Records for processing
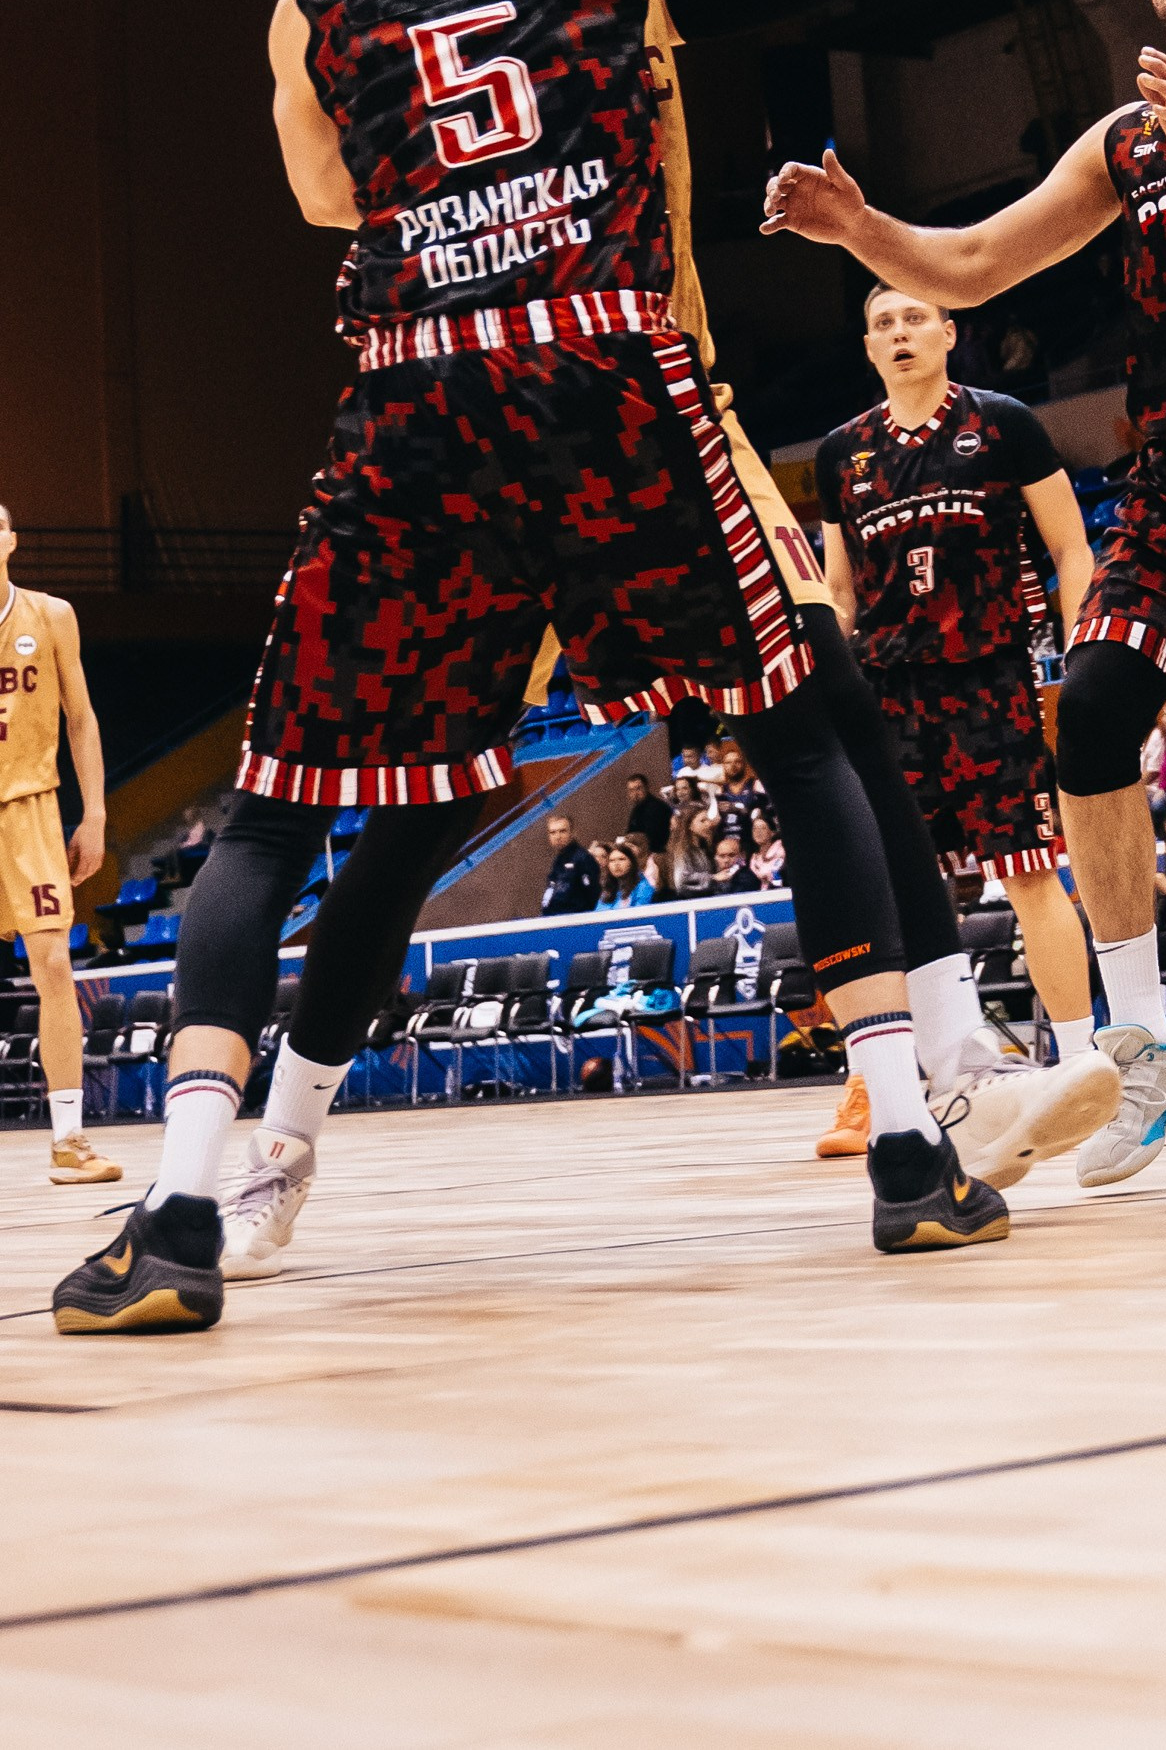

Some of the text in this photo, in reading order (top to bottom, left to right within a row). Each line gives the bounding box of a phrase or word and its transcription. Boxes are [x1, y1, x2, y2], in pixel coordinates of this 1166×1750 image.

[407, 0, 543, 169] 5
[394, 156, 610, 251] РЯЗАНСКАЯ
[419, 212, 593, 290] ОБЛАСТЬ
[906, 545, 936, 597] 3
[0, 665, 38, 695] ВС
[30, 883, 61, 918] 15

Your task
Transcribe every line of the records exactly. Pictures do not belong in the copy.

Solution for this task
Some of the text in this photo, in reading order (top to bottom, left to right within a row). Each line gives the bounding box of a phrase or word and its transcription. Boxes are [x1, y1, x2, y2], in pixel coordinates of this 1166×1750 image.

[407, 0, 543, 169] 5
[394, 156, 610, 251] РЯЗАНСКАЯ
[419, 212, 593, 290] ОБЛАСТЬ
[906, 545, 936, 597] 3
[0, 665, 38, 695] ВС
[30, 883, 61, 918] 15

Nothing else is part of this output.